With his heterology, the southwest German neo-Kantian Heinrich Rickert developed
a doctrine that proved to be groundbreaking not only for neo-Kantianism, but also for
the theory of subjectivity in postwar transcendental philosophy in the broad sense. Rickert’s heterology is primarily concerned with the original structure of thought. In the discussion, the alternative ‘Negation (Hegel) or Otherness (Rickert)?’ has become widespread. Since the discussion of Hegel plays an important role for Rickert, heterology concerns at the same time the relation of Hegel’s speculative idealism and (advanced) Kantian transcendental philosophy. Accordingly, it has also had an impact on Hegel scholarship. However, until today and on the whole, the debate is far from unanimous with regard to the validity of Rickert’s critique of Hegel. In view of the almost deadlocked discussion, this study proposes a new interpretative perspective. It focuses on the issue of formalism as a methodological problem. First, I outline the problem of formalism, then I examine Rickert’s heterology for its formalism, subsequently I put
the thesis forward that Rickert’s heterology is, in Hegel’s words, a kind of external reflection. This leads to the consequence that heterology lacks a logic of being: Rickert hastily moves from the beginning of philosophy to the origin of thinking. Thus, unlike Hegel, Rickert provides only an insufficient account of the very concepts with which he determines the origin of thought – an Achilles’ heel of transcendental philosophy.
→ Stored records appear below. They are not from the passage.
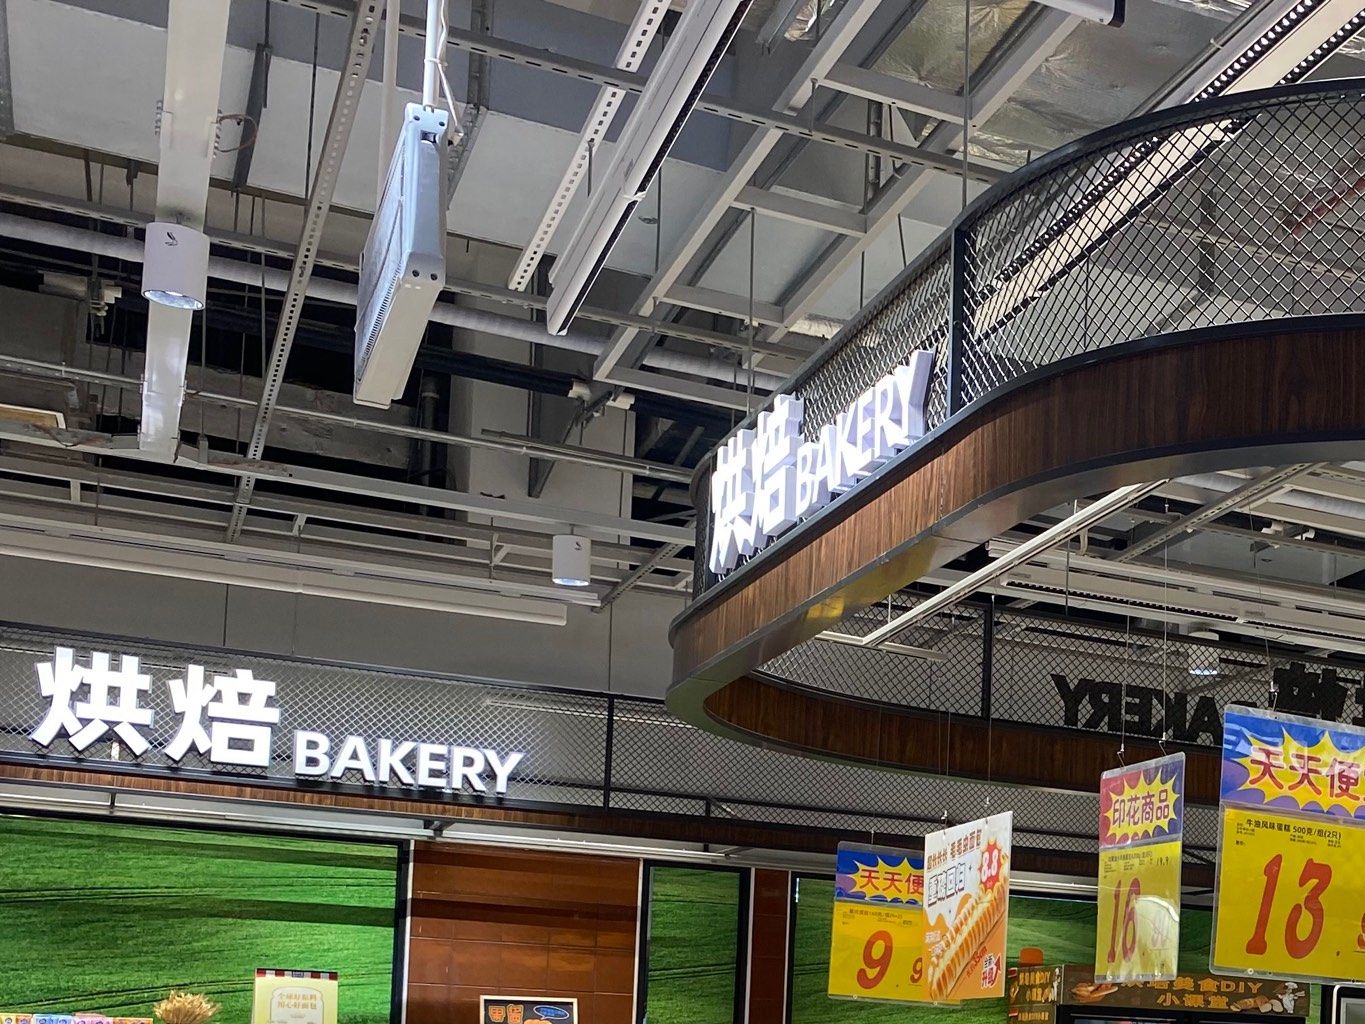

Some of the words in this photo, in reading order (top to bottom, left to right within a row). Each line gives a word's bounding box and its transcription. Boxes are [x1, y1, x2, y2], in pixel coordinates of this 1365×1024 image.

[708, 394, 804, 574] 烘焙
[796, 349, 937, 517] BAKERY
[28, 646, 281, 768] 烘焙
[294, 729, 526, 794] BAKERY
[1112, 788, 1169, 829] 印花商品
[1246, 819, 1291, 833] 牛油风味蛋糕
[981, 847, 999, 883] 8.8
Ryôsuke Ohashi: Die Logik des Absoluten und die Logik des Leeren – oder: die Durchsichtigkeit bei Hegel und das soku bei Nishitani

In this article, an attempt is made to compare, with reference to the theme indicated in the title, Hegel’s logic, as the core of his entire philosophical speculation, and Buddhist logic, which lays deep roots in the intellectual soil of the Kyoto School’s philosophy, as represented by Keiji Nishitani. The term transparency, in the sense that it is used in Hegel’s logic, and the soku of Buddhist logic stand as the focal point of this comparative treatment. In Hegel’s Science of Logic, the term transparency first shows up at the end of the logic of essence and then prominently in the logic of the Concept. The determinateness of the Concept-categories, and indeed of all logical categories, is a thoroughly transparent shine, a difference that vanishes in its positedness. This transparency itself is employed in the Hegelian logic without logical definition, just like with the terms negation, transition, and mediation, as Kierkegaard once pointed out.
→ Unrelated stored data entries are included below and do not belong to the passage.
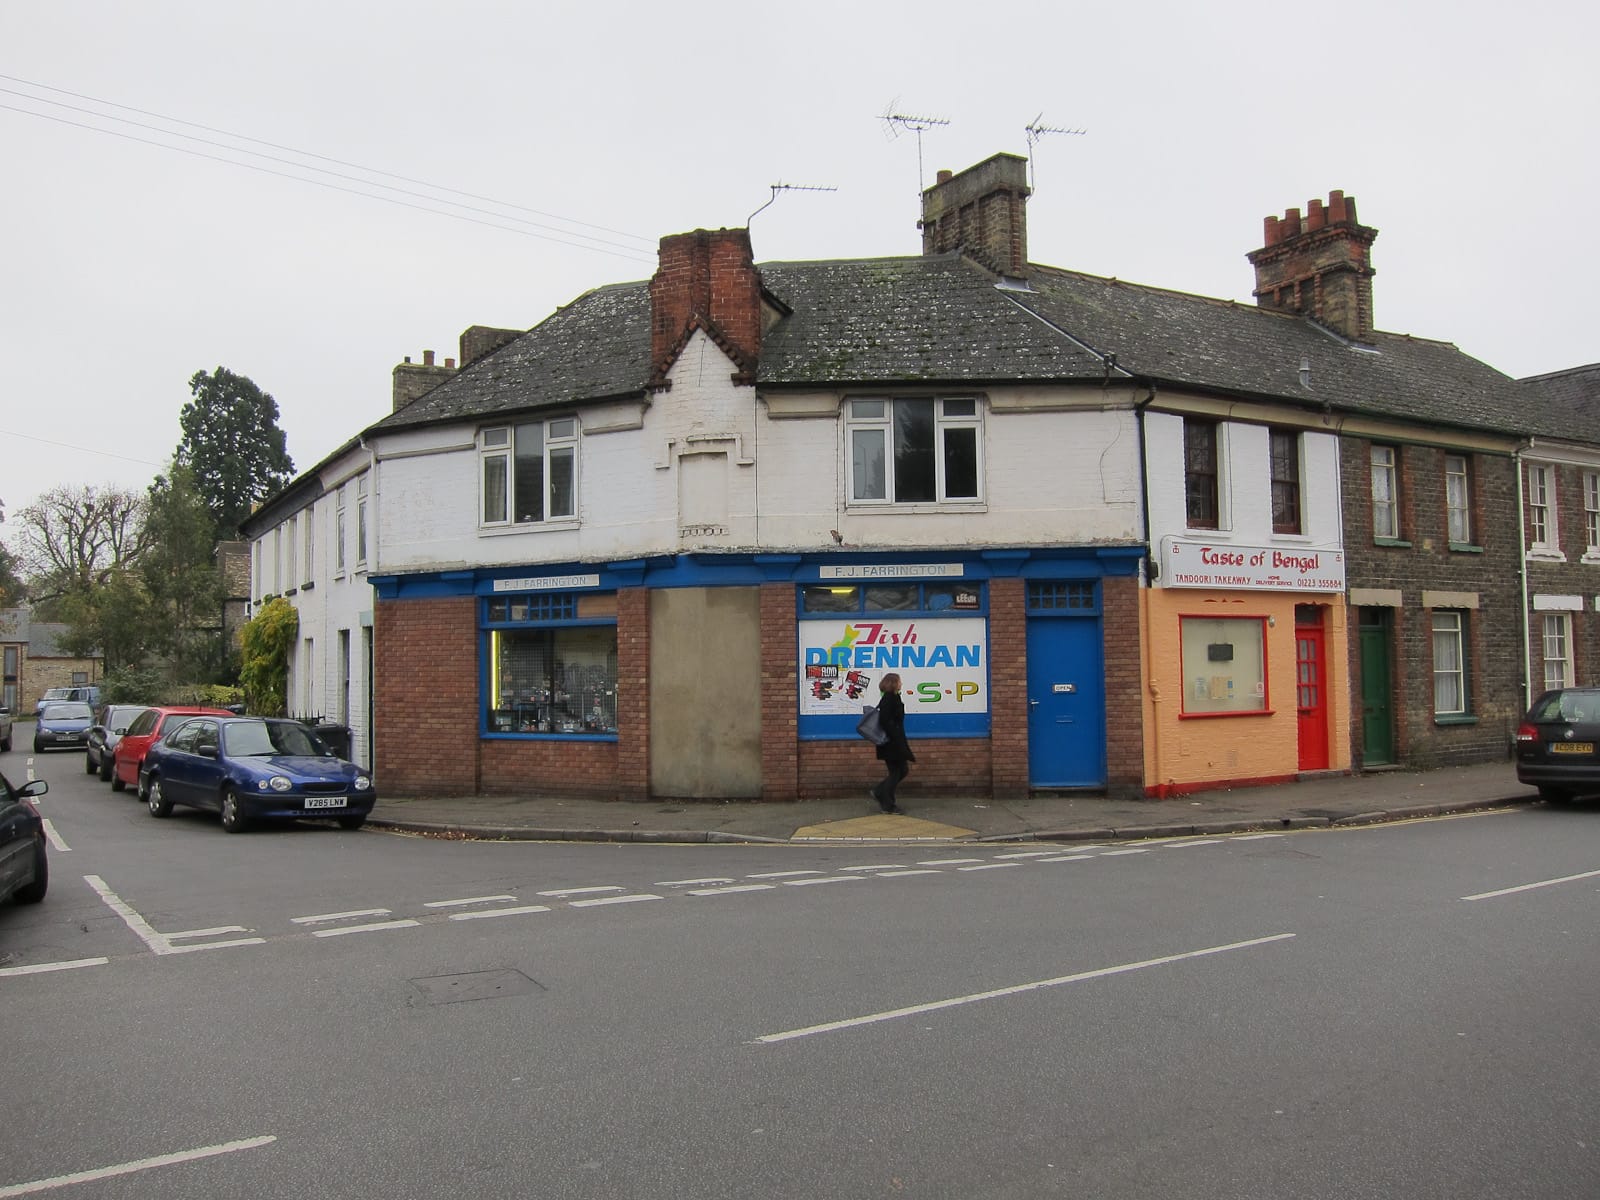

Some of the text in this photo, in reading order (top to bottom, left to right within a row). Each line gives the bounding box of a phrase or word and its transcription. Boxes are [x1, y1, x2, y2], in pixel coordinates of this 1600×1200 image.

[1200, 547, 1319, 574] Taste of Bengal
[863, 565, 946, 577] FARRINGTON
[524, 576, 586, 589] FARRINGTON
[1175, 574, 1251, 585] TANDOORI TAKEAWAY
[1297, 578, 1316, 587] 01223
[805, 644, 981, 669] DRENNAN
[308, 798, 345, 807] V285 LNW
This element of transparency has nowhere been considered in past research on Hegel. Yet, this element can be drawn out as the focal point in a comparative treatment of the Hegelian and Buddhist logics. For in Buddhist logic, the word soku is used at such places where different states of affairs are on level, and insofar as they are made transparent, with one another. For example, there stands the most well-known saying of Mahayana Buddhism, which declares: “Emptiness is soku appearance, appearance is soku emptiness.” At the point where these two terms intersect, Hegel’s transparency and Nishitani’s soku, we see that the two overlap, and yet, at the same time, they are separated by a gap in which what is peculiar to each becomes visible.
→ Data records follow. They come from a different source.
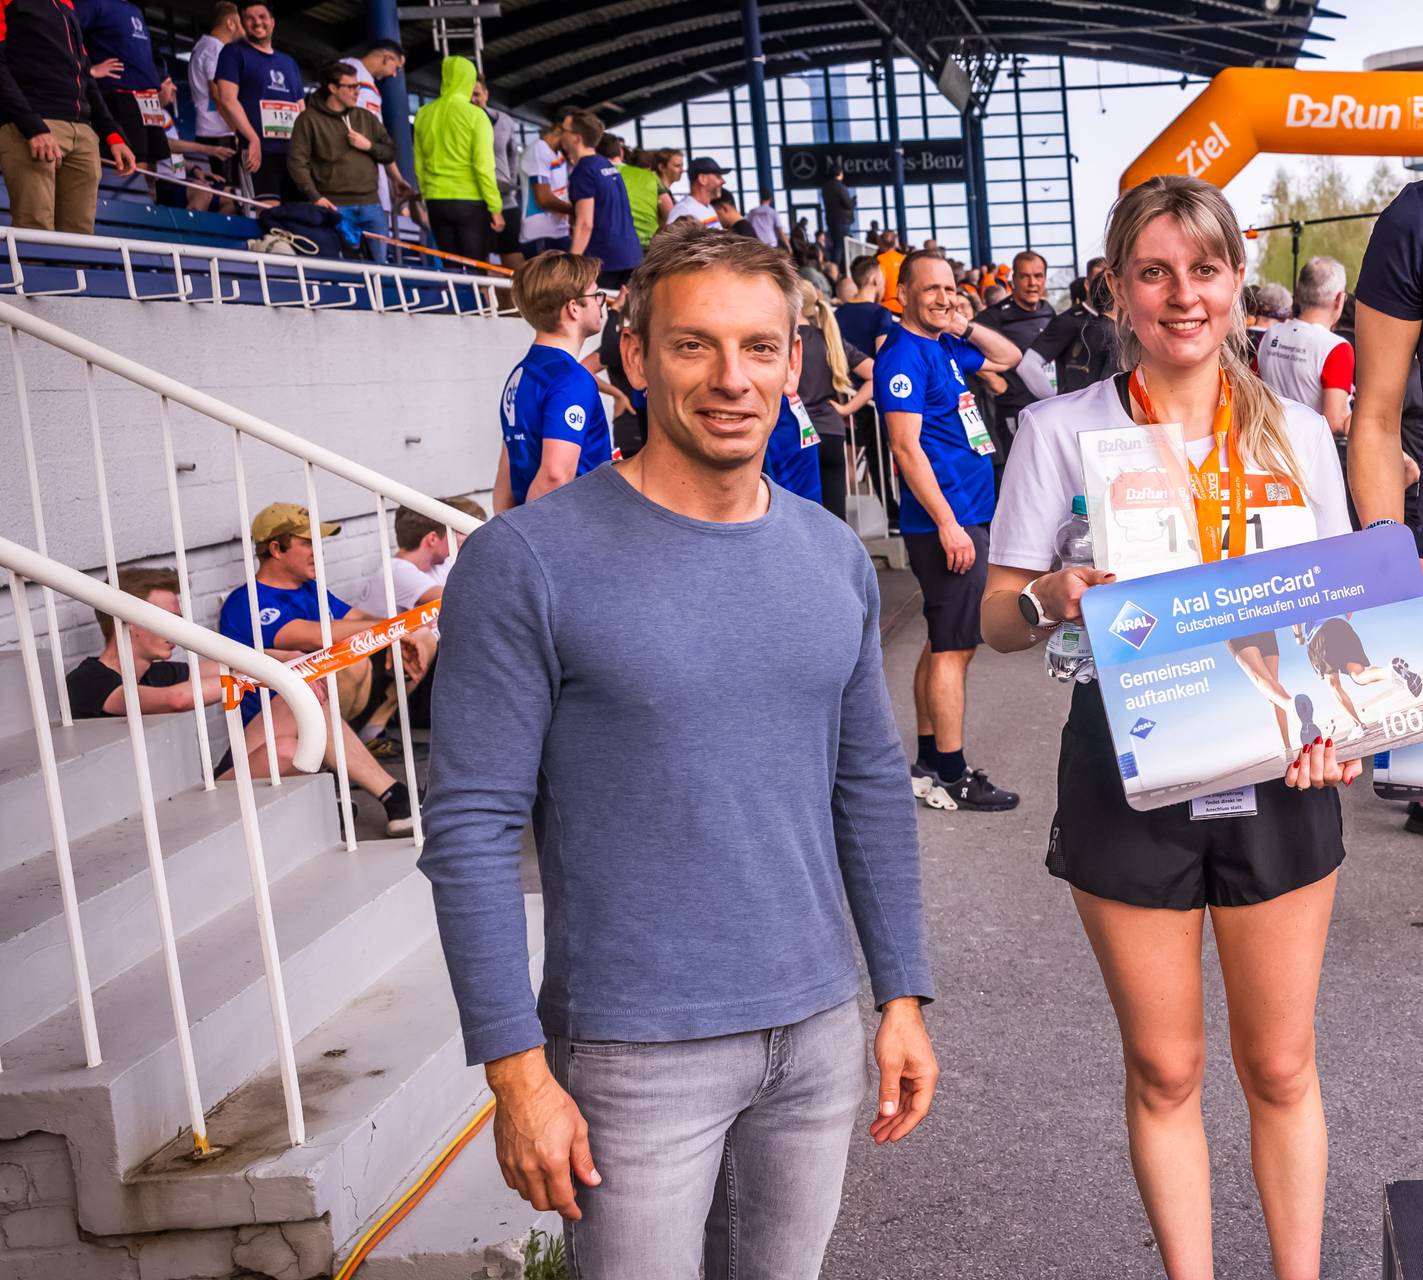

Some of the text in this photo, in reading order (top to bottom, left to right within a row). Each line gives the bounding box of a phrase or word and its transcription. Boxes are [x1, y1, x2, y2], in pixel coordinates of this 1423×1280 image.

[1285, 93, 1401, 130] B2Run
[826, 151, 964, 173] Merces-Benz
[1176, 121, 1231, 178] Ziel
[1171, 591, 1210, 617] Aral
[1175, 583, 1365, 636] Gutschein Einkaufen und Tanken
[1116, 616, 1152, 633] ARAL
[1119, 655, 1216, 689] Gemeinsam
[1125, 677, 1211, 711] auftanken!
[1131, 721, 1153, 732] ARAL
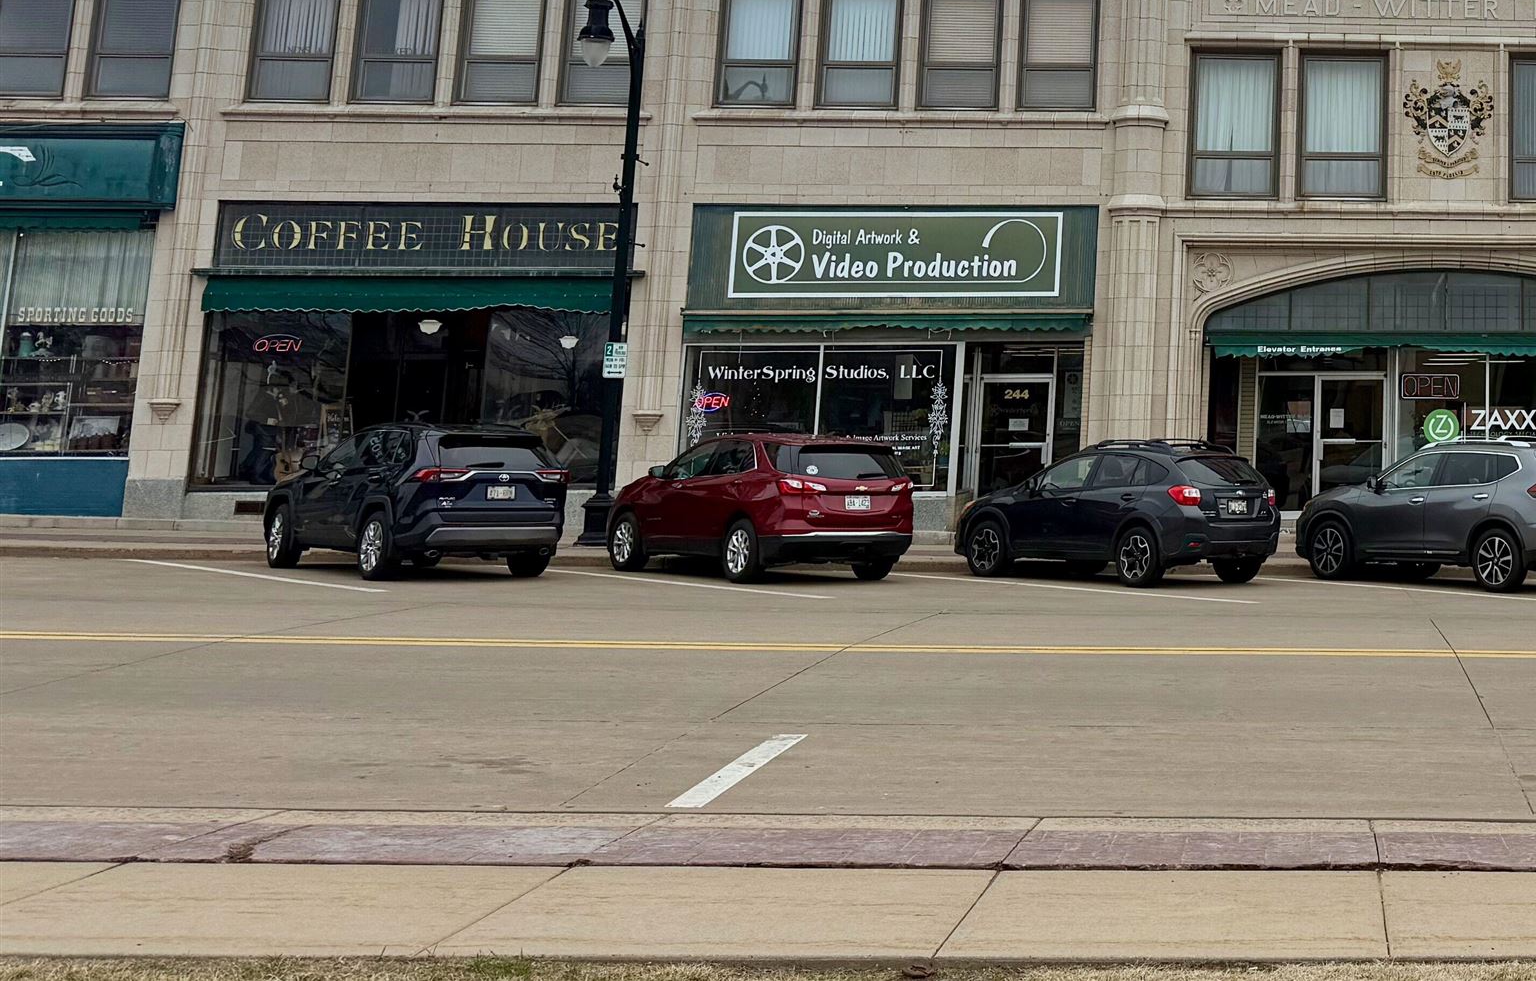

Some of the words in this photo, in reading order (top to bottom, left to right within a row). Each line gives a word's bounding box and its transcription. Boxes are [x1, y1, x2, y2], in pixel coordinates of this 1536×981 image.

[232, 213, 423, 251] COFFEE
[460, 214, 619, 252] HOUSE
[812, 228, 851, 249] Digital
[855, 229, 903, 245] Artwork
[907, 229, 921, 245] &
[811, 251, 879, 279] Video
[886, 251, 1018, 278] Production
[17, 306, 87, 323] SPORTING
[90, 307, 135, 323] GOODS
[254, 338, 303, 352] OPEN
[606, 345, 612, 355] 2
[1257, 345, 1297, 353] Elevator
[1300, 345, 1342, 353] Entrance
[708, 365, 816, 384] WinterSpring
[825, 365, 890, 379] Studios,
[900, 364, 936, 379] LLC
[1004, 388, 1030, 400] 244
[1404, 376, 1458, 397] OPEN
[695, 396, 730, 408] OPEN
[873, 433, 899, 441] Artwork
Ernst-Otto Onnasch: Fünf Briefe, eine Abschrift eines Goethe-Gedichts und ein Nürnberger Zeugnis von G.W.F. Hegel

This paper presents four new letters by Hegel to (1) the wine merchant Ramann
(12 October 1802), to (2) his student and repetent in Berlin Friedrich Wilhelm Corové (12
December 1818) to (3) his friend Heinrich Beer (2 November 1828) and (4) the publisher Friedrich Frommann (11 September 1818). A fifth letter to Friedrich Niethammer (11 September 1826) comes in a new and full transcription. A lost Hegel transcript of three poems by Goethe resurfaced in a Dutch archive and is edited. Lastly a 1814 school certificate that Hegel wrote in Nurnberg for his pupil Johann Christoph Sigmund Lechner has been found and edited. Short introductions accompany each of the documents.